_PROBLEM REQUIREMENTS_
Skipping each picture, output the entries exactly as they stand below.

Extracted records

#####

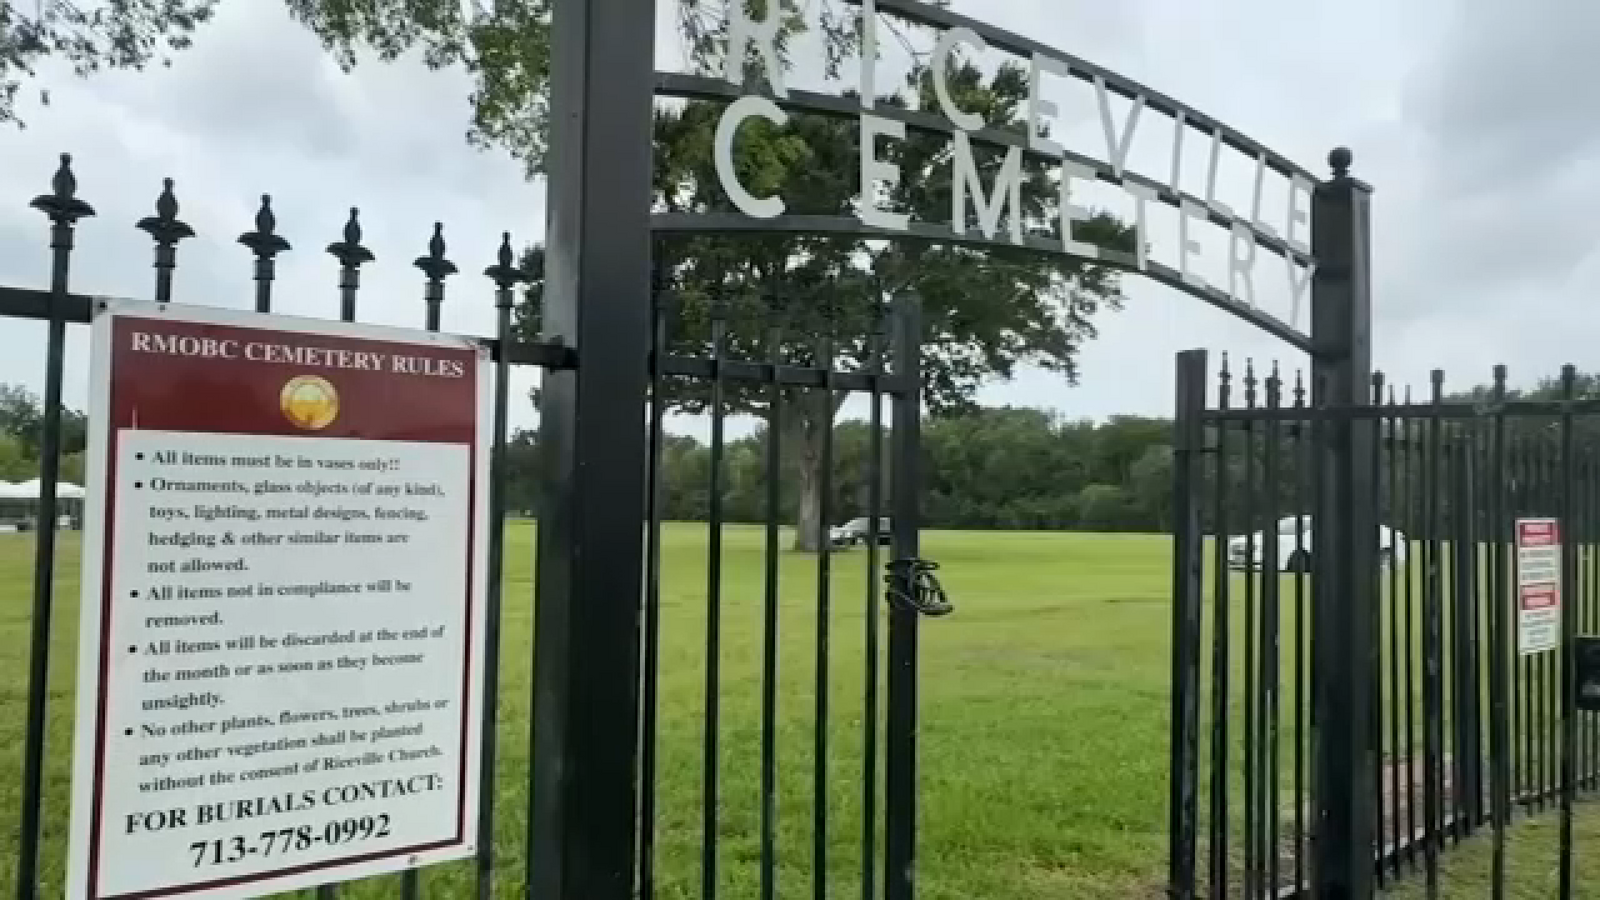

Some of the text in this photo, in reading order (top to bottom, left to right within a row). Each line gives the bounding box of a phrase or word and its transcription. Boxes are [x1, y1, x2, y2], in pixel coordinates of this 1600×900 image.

[724, 0, 1315, 252] RICEVILLE
[714, 97, 1315, 329] CEMETERY
[131, 332, 464, 377] RMOBC CEMETERY RULES
[151, 451, 400, 473] All items must be in vases only!!
[149, 478, 250, 494] Ornaments,
[254, 481, 291, 496] glass
[295, 482, 348, 496] objects
[351, 482, 373, 496] (of
[376, 485, 400, 497] any
[149, 505, 428, 521] toys, lighting, metal designs, fencing,
[148, 531, 409, 548] hedging & other similar items are
[147, 558, 250, 573] not allowed.
[147, 580, 411, 600] All items not in compliance will be
[145, 610, 223, 628] removed.
[145, 625, 445, 655] All items will be discarded at the end of
[142, 652, 423, 683] the month or as soon as they become
[142, 692, 225, 712] unsightly.
[142, 724, 166, 737] No
[170, 720, 215, 735] other
[222, 715, 275, 733] plants,
[279, 710, 338, 726] flowers,
[384, 699, 430, 715] shrubs
[434, 698, 448, 709] or
[139, 723, 423, 768] any other vegetation shall be planted
[139, 746, 442, 793] without the consent of Riceville Church.
[125, 775, 443, 834] FOR BURIALS CONTACT:
[189, 814, 391, 868] 713-778-0992

#####

_EXPECTED ANSWER_
Some of the text in this photo, in reading order (top to bottom, left to right within a row). Each line gives the bounding box of a phrase or word and its transcription. Boxes are [x1, y1, x2, y2], in pixel coordinates of this 1600×900 image.

[724, 0, 1315, 252] RICEVILLE
[714, 97, 1315, 329] CEMETERY
[131, 332, 464, 377] RMOBC CEMETERY RULES
[151, 451, 400, 473] All items must be in vases only!!
[149, 478, 250, 494] Ornaments,
[254, 481, 291, 496] glass
[295, 482, 348, 496] objects
[351, 482, 373, 496] (of
[376, 485, 400, 497] any
[149, 505, 428, 521] toys, lighting, metal designs, fencing,
[148, 531, 409, 548] hedging & other similar items are
[147, 558, 250, 573] not allowed.
[147, 580, 411, 600] All items not in compliance will be
[145, 610, 223, 628] removed.
[145, 625, 445, 655] All items will be discarded at the end of
[142, 652, 423, 683] the month or as soon as they become
[142, 692, 225, 712] unsightly.
[142, 724, 166, 737] No
[170, 720, 215, 735] other
[222, 715, 275, 733] plants,
[279, 710, 338, 726] flowers,
[384, 699, 430, 715] shrubs
[434, 698, 448, 709] or
[139, 723, 423, 768] any other vegetation shall be planted
[139, 746, 442, 793] without the consent of Riceville Church.
[125, 775, 443, 834] FOR BURIALS CONTACT:
[189, 814, 391, 868] 713-778-0992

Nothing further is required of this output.